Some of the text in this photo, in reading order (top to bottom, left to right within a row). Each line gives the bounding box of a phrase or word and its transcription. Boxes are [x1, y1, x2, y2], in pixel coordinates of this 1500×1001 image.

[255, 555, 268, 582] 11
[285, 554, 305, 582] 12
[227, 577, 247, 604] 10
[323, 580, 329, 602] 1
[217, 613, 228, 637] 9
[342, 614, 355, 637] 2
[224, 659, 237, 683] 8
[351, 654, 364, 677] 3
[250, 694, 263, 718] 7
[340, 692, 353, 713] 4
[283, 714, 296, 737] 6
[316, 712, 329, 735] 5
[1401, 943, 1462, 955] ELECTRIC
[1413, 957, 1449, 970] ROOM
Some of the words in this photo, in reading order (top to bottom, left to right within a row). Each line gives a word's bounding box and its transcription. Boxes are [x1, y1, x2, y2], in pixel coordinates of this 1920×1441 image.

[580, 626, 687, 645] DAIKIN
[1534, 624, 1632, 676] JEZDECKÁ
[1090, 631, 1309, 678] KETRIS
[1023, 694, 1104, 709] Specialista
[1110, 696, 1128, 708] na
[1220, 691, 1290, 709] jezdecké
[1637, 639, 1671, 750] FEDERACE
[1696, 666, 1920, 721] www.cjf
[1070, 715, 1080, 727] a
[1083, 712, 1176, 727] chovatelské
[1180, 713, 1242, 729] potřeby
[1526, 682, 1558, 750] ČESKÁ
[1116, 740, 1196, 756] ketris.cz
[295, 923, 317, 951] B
- - -
— How to complete this task —
Retype every line of the listing above exactly as given.

— Result of the task —
Some of the text in this photo, in reading order (top to bottom, left to right within a row). Each line gives the bounding box of a phrase or word and its transcription. Boxes are [x1, y1, x2, y2], in pixel coordinates of this 1500×1001 image.

[255, 555, 268, 582] 11
[285, 554, 305, 582] 12
[227, 577, 247, 604] 10
[323, 580, 329, 602] 1
[217, 613, 228, 637] 9
[342, 614, 355, 637] 2
[224, 659, 237, 683] 8
[351, 654, 364, 677] 3
[250, 694, 263, 718] 7
[340, 692, 353, 713] 4
[283, 714, 296, 737] 6
[316, 712, 329, 735] 5
[1401, 943, 1462, 955] ELECTRIC
[1413, 957, 1449, 970] ROOM
Some of the words in this photo, in reading order (top to bottom, left to right within a row). Each line gives a word's bounding box and its transcription. Boxes are [x1, y1, x2, y2], in pixel coordinates of this 1920×1441 image.

[580, 626, 687, 645] DAIKIN
[1534, 624, 1632, 676] JEZDECKÁ
[1090, 631, 1309, 678] KETRIS
[1023, 694, 1104, 709] Specialista
[1110, 696, 1128, 708] na
[1220, 691, 1290, 709] jezdecké
[1637, 639, 1671, 750] FEDERACE
[1696, 666, 1920, 721] www.cjf
[1070, 715, 1080, 727] a
[1083, 712, 1176, 727] chovatelské
[1180, 713, 1242, 729] potřeby
[1526, 682, 1558, 750] ČESKÁ
[1116, 740, 1196, 756] ketris.cz
[295, 923, 317, 951] B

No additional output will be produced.